### Exercise requirements
The reply should contain every entry exactly as given, with no pictures in it.

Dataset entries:
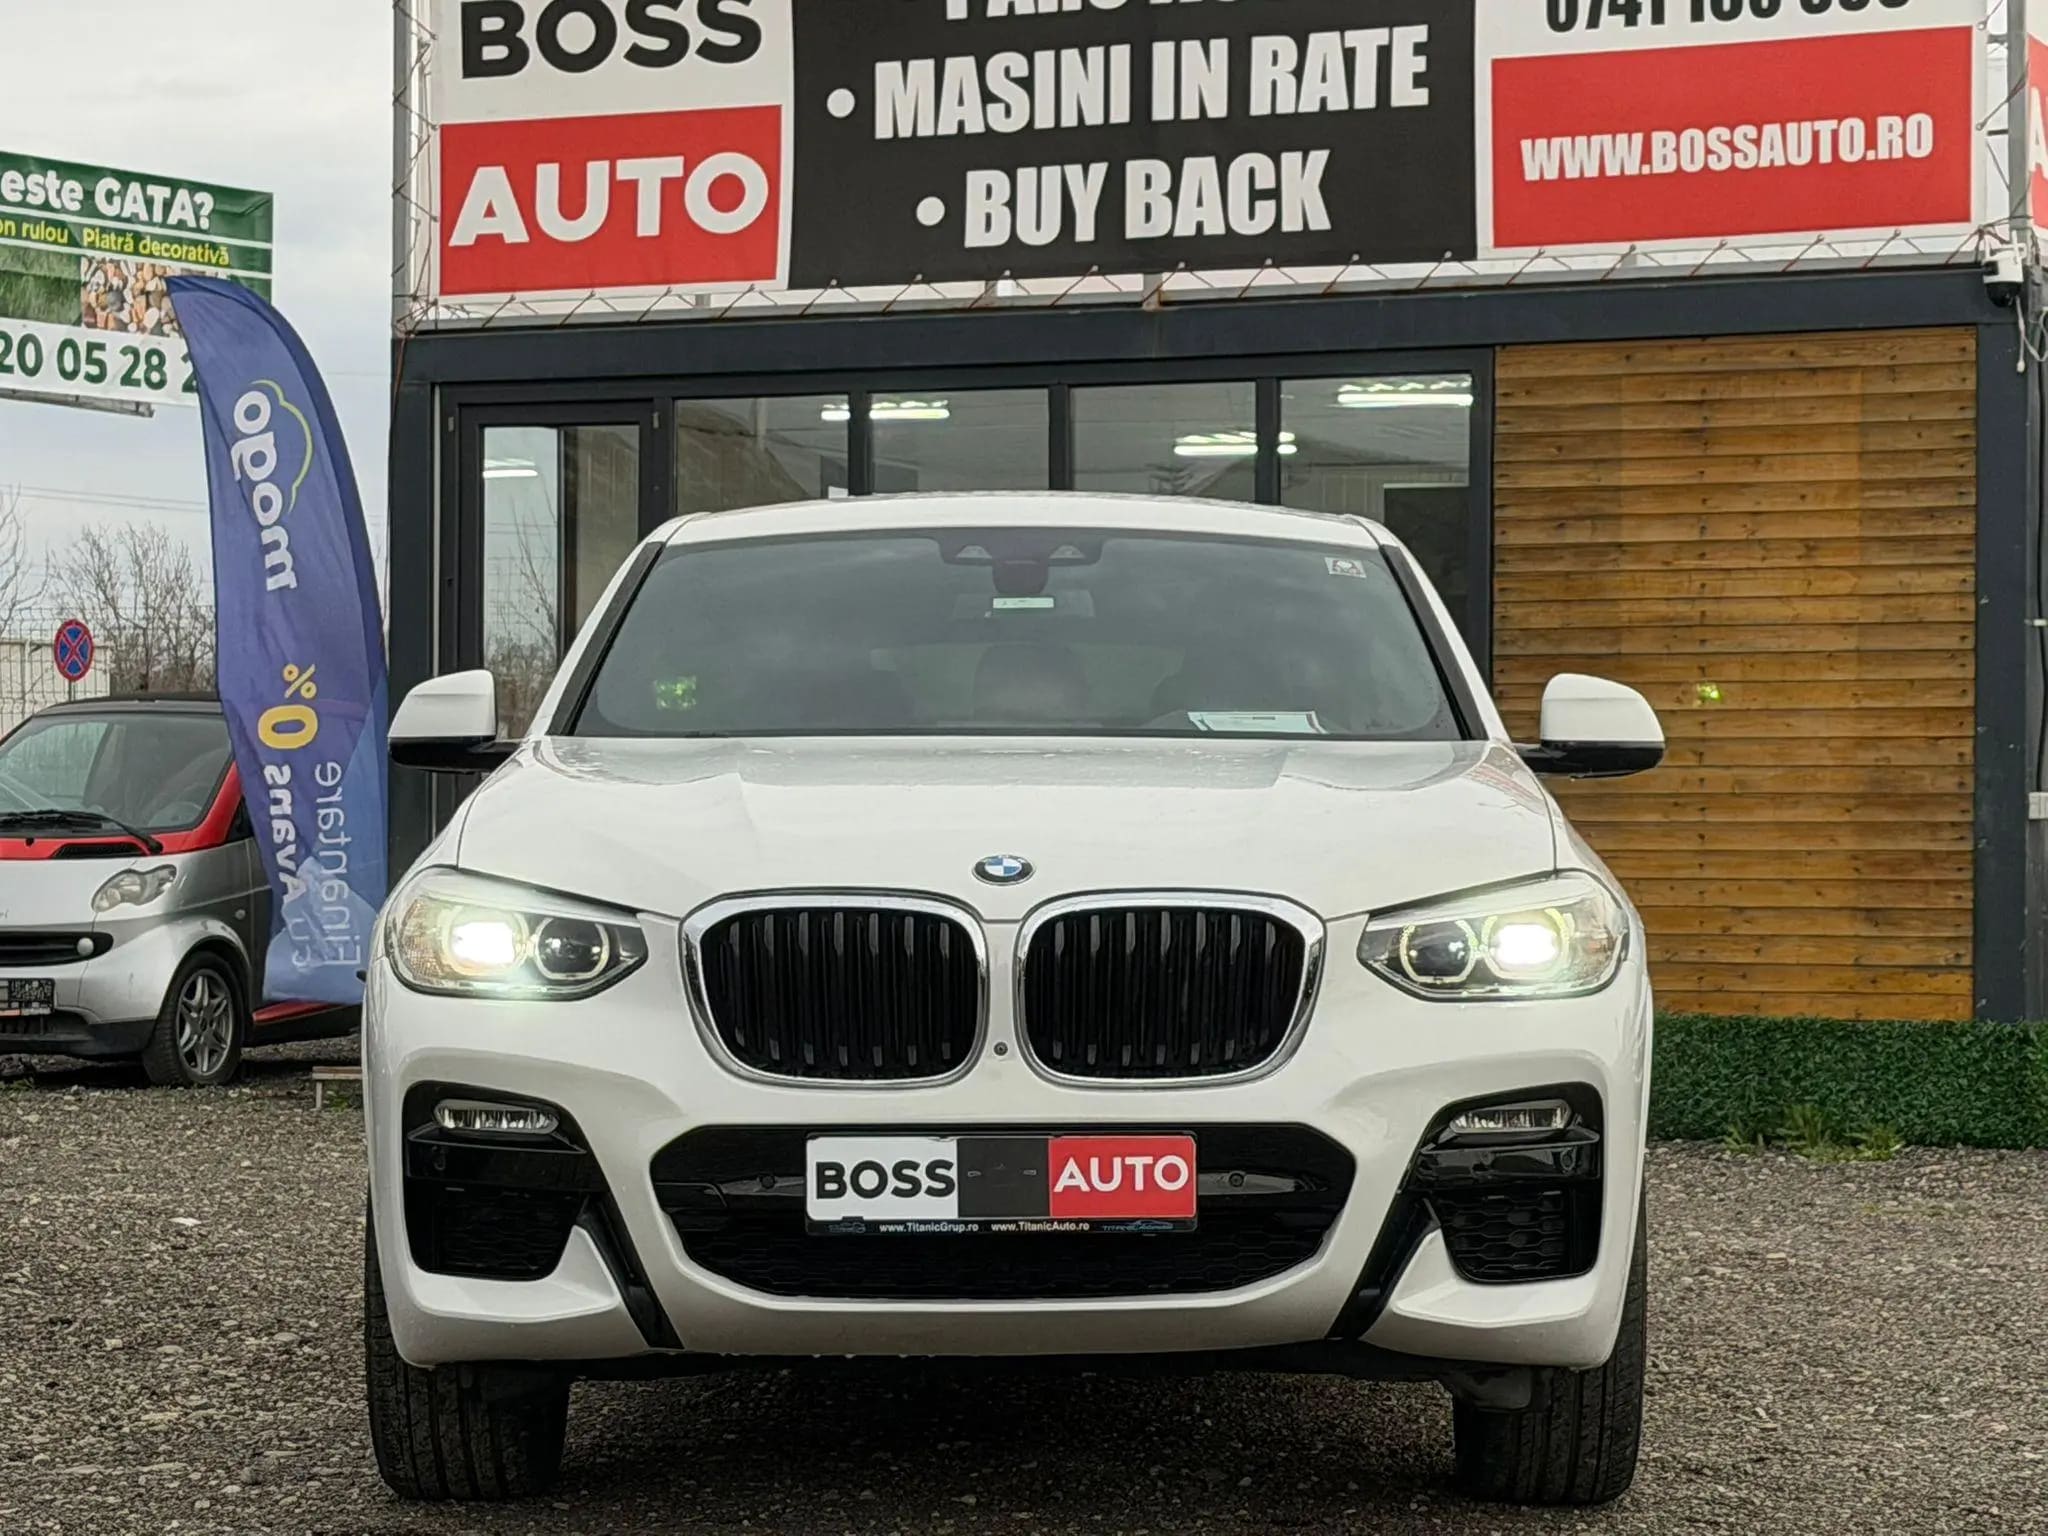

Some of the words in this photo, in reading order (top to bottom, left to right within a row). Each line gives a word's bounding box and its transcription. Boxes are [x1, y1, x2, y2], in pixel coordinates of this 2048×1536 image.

[461, 0, 761, 78] BOSS
[875, 45, 1131, 140] MASINI
[1152, 38, 1229, 121] IN
[1250, 24, 1430, 115] RATE
[1520, 113, 1934, 181] WWW.BOSSAUTO.RO
[1, 169, 84, 211] este
[94, 177, 215, 230] GATA?
[448, 152, 769, 247] AUTO
[965, 162, 1109, 248] BUY
[1125, 149, 1332, 239] BACK
[21, 221, 68, 244] rulou
[57, 337, 108, 384] 05
[119, 345, 168, 390] 28
[815, 1159, 956, 1200] BOSS
[1053, 1155, 1190, 1193] AUTO
[879, 1222, 979, 1233] www.TitanicGrup.ro
[991, 1221, 1090, 1232] www.TitanicAuto.ro

### Finished task
Some of the words in this photo, in reading order (top to bottom, left to right within a row). Each line gives a word's bounding box and its transcription. Boxes are [x1, y1, x2, y2], in pixel coordinates of this 2048×1536 image.

[461, 0, 761, 78] BOSS
[875, 45, 1131, 140] MASINI
[1152, 38, 1229, 121] IN
[1250, 24, 1430, 115] RATE
[1520, 113, 1934, 181] WWW.BOSSAUTO.RO
[1, 169, 84, 211] este
[94, 177, 215, 230] GATA?
[448, 152, 769, 247] AUTO
[965, 162, 1109, 248] BUY
[1125, 149, 1332, 239] BACK
[21, 221, 68, 244] rulou
[57, 337, 108, 384] 05
[119, 345, 168, 390] 28
[815, 1159, 956, 1200] BOSS
[1053, 1155, 1190, 1193] AUTO
[879, 1222, 979, 1233] www.TitanicGrup.ro
[991, 1221, 1090, 1232] www.TitanicAuto.ro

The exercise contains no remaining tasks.